(Beginning of Source material)
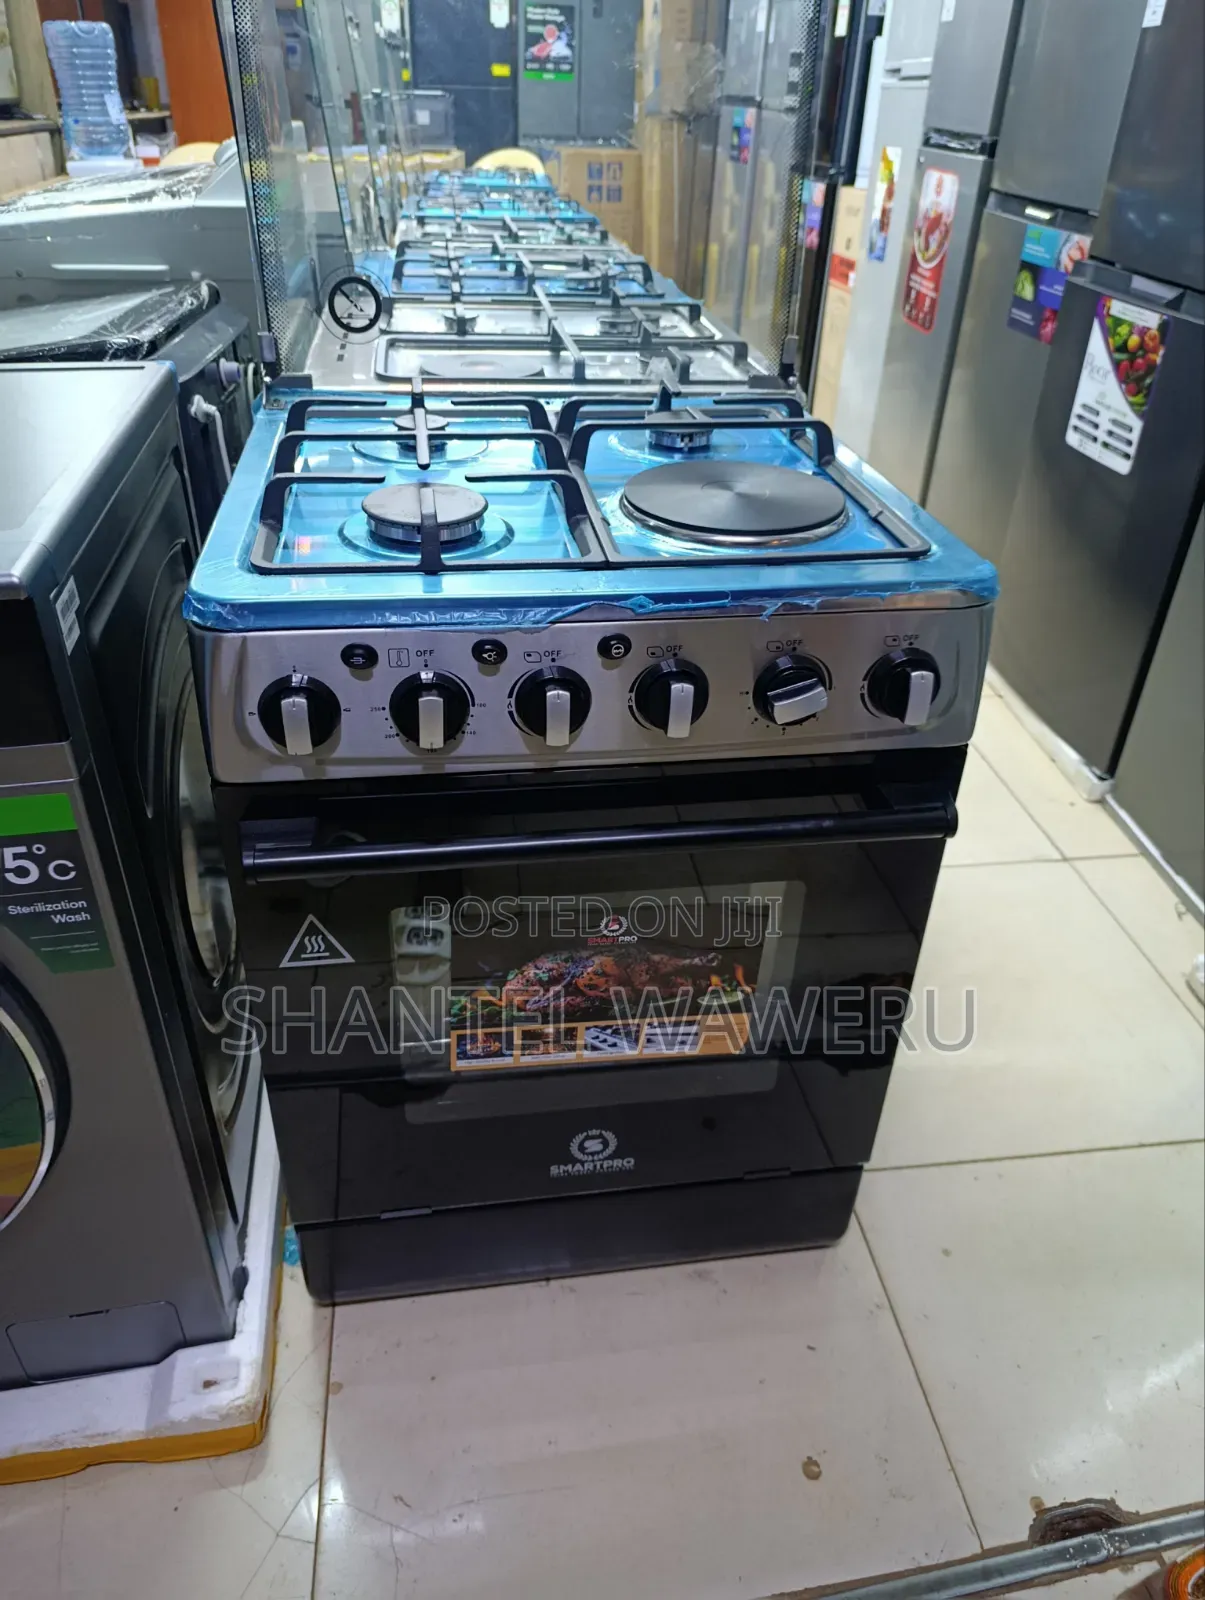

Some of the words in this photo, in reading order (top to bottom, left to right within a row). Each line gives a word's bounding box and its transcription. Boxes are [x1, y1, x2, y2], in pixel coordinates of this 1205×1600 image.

[786, 639, 803, 647] OFF
[415, 649, 435, 658] OFF
[665, 645, 683, 653] OFF
[543, 650, 562, 658] OFF
[0, 843, 77, 885] 5°C
[7, 900, 88, 915] Sterilization
[51, 911, 91, 924] Wash
[587, 935, 638, 943] SMARTPRO
[549, 1157, 635, 1174] SMARTPRO
(End of Source material)
- **What to do**: Output the lines above verbatim, images excluded.

- **Answer for the task**:
Some of the words in this photo, in reading order (top to bottom, left to right within a row). Each line gives a word's bounding box and its transcription. Boxes are [x1, y1, x2, y2], in pixel coordinates of this 1205×1600 image.

[786, 639, 803, 647] OFF
[415, 649, 435, 658] OFF
[665, 645, 683, 653] OFF
[543, 650, 562, 658] OFF
[0, 843, 77, 885] 5°C
[7, 900, 88, 915] Sterilization
[51, 911, 91, 924] Wash
[587, 935, 638, 943] SMARTPRO
[549, 1157, 635, 1174] SMARTPRO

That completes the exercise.